Transgender Vietnamese turn to black market hormones
By AFP/Jenny Vaughan April 6, 2017 | 08:42 am GMT+7
They face serious health risks in a country where hormone therapy and sex-reassignment surgery are not available.
Every week, Huynh Nha An faces the same dilemma: spend her paltry salary on food, or buy the blackmarket hormones she needs to keep her facial hair from growing back.
Born male but desperate to change sex, the timid 21-year-old self-prescribes and injects drugs bootlegged from Thailand, when she can afford them.
"When I don't use hormones regularly I turn back into a boy, I'm no longer smooth like a girl," explains the street food seller and part-time singer.

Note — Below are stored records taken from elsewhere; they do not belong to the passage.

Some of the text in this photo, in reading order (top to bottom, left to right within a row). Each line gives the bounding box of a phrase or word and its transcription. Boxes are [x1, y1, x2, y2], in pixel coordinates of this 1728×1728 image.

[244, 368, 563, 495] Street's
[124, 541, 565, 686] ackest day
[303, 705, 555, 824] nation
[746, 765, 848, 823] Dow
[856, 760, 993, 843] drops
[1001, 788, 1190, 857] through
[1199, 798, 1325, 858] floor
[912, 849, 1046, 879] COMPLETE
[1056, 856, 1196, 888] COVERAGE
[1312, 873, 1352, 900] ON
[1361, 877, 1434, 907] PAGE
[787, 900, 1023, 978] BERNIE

Nha An is one of thousands facing the same problem in Vietnam, where hormone therapy and sex-reassignment surgery are not legally available to transgender people.
That forces many to self-medicate despite the serious health risks.

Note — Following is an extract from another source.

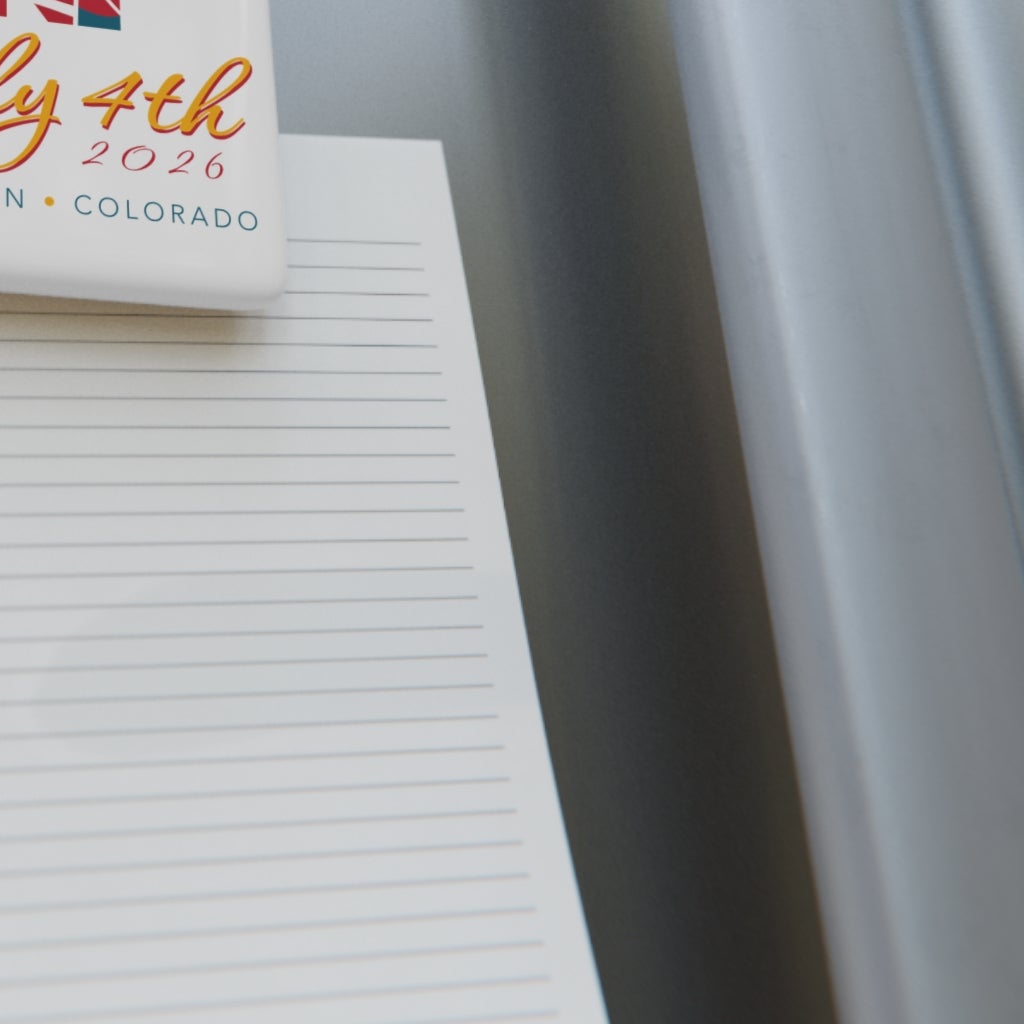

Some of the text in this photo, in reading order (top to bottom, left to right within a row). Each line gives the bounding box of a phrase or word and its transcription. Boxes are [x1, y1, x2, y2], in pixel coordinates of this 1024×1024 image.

[81, 56, 253, 141] 4th
[82, 141, 225, 180] 2026
[74, 194, 259, 232] COLORADO

The transgender community endures discrimination in many parts of Vietnam, a country where conservative social mores dominate.
But in a rare act of social progression, the government is writing a law that will allow people to officially change their gender.

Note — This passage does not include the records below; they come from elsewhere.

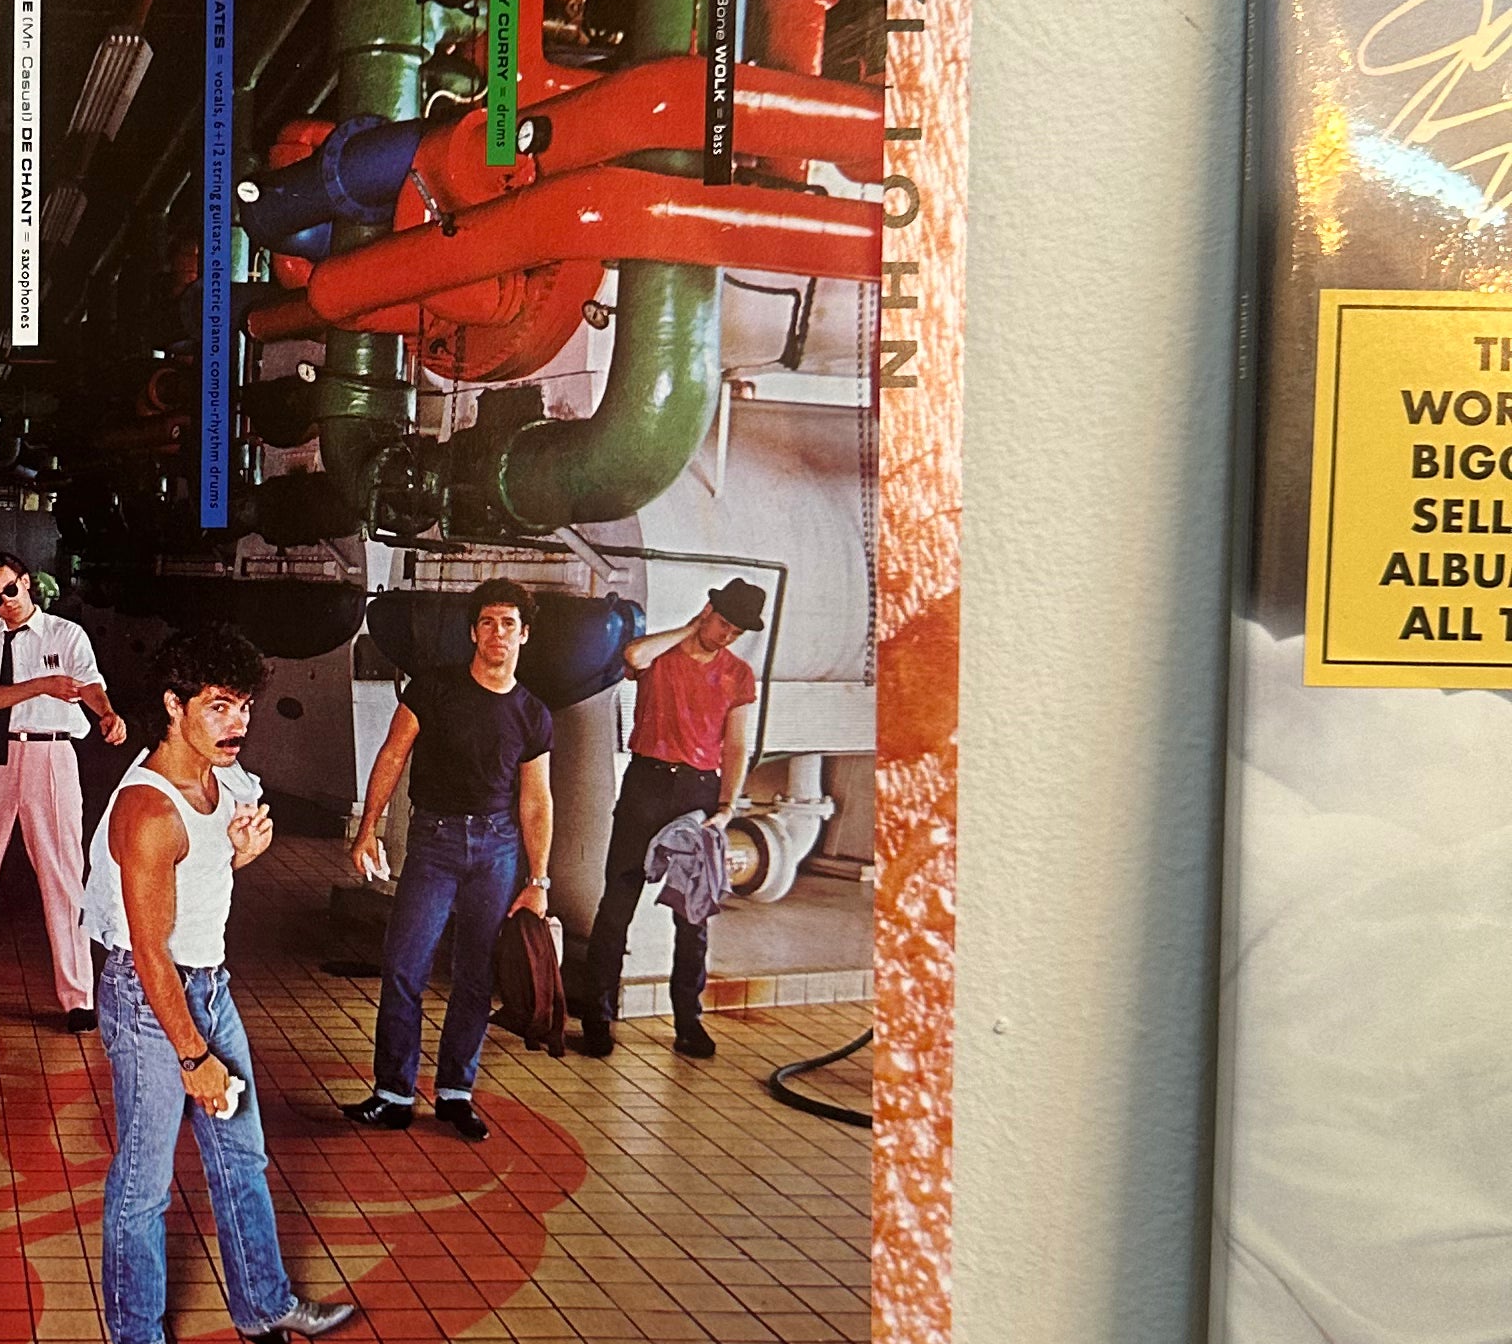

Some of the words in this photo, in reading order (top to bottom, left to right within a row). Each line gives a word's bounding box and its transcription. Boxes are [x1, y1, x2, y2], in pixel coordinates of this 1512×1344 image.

[497, 13, 510, 81] CURRY
[21, 57, 34, 123] Casual)
[212, 71, 226, 117] vocals,
[713, 45, 727, 103] WOLK
[21, 128, 33, 153] DE
[212, 122, 226, 156] 6+12
[496, 104, 510, 148] drums
[712, 125, 726, 156] bass
[20, 158, 33, 227] CHANT
[208, 160, 225, 201] string
[208, 204, 222, 256] guitars,
[17, 249, 32, 329] saxophones
[211, 260, 224, 313] electric
[208, 316, 223, 357] piano,
[207, 361, 223, 463] compu-rhythm
[209, 466, 222, 509] drums
[1379, 552, 1512, 588] ALBU
[1399, 606, 1483, 641] ALL

That could result in better access to healthcare for Vietnam's 300,000-strong transgender community, but it will not become law until 2019 at the earliest.
Until then Nha An will have to get along without specialist medical help, relying on friends for advice on the dosage and frequency of her hormone injections.
Some months she spends nearly half her $100 income on the drugs, or borrows from friends -- her family stopped giving her money after she ran away from home.
"My parents still see me as a diseased person, they don't accept me as a girl," she said.